-- Your assignment --
In full and without change, return each entry.

====== Source data

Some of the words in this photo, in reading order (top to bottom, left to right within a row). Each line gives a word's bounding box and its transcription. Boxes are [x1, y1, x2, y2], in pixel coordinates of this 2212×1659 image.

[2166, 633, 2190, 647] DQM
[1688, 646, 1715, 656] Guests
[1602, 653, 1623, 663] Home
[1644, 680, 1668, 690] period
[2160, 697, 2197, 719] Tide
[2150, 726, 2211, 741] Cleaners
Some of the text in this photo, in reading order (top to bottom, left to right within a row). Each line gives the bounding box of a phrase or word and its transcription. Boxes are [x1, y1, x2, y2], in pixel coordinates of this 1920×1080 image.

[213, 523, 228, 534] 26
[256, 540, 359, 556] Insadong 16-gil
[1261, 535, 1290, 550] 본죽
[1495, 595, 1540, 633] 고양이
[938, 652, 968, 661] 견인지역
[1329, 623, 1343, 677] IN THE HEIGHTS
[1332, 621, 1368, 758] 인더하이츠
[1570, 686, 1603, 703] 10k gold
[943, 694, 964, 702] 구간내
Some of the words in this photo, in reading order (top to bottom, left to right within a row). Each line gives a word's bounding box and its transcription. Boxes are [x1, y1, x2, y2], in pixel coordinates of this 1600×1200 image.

============

-- Answer box --
Some of the words in this photo, in reading order (top to bottom, left to right within a row). Each line gives a word's bounding box and its transcription. Boxes are [x1, y1, x2, y2], in pixel coordinates of this 2212×1659 image.

[2166, 633, 2190, 647] DQM
[1688, 646, 1715, 656] Guests
[1602, 653, 1623, 663] Home
[1644, 680, 1668, 690] period
[2160, 697, 2197, 719] Tide
[2150, 726, 2211, 741] Cleaners
Some of the text in this photo, in reading order (top to bottom, left to right within a row). Each line gives the bounding box of a phrase or word and its transcription. Boxes are [x1, y1, x2, y2], in pixel coordinates of this 1920×1080 image.

[213, 523, 228, 534] 26
[256, 540, 359, 556] Insadong 16-gil
[1261, 535, 1290, 550] 본죽
[1495, 595, 1540, 633] 고양이
[938, 652, 968, 661] 견인지역
[1329, 623, 1343, 677] IN THE HEIGHTS
[1332, 621, 1368, 758] 인더하이츠
[1570, 686, 1603, 703] 10k gold
[943, 694, 964, 702] 구간내
Some of the words in this photo, in reading order (top to bottom, left to right within a row). Each line gives a word's bounding box and its transcription. Boxes are [x1, y1, x2, y2], in pixel coordinates of this 1600×1200 image.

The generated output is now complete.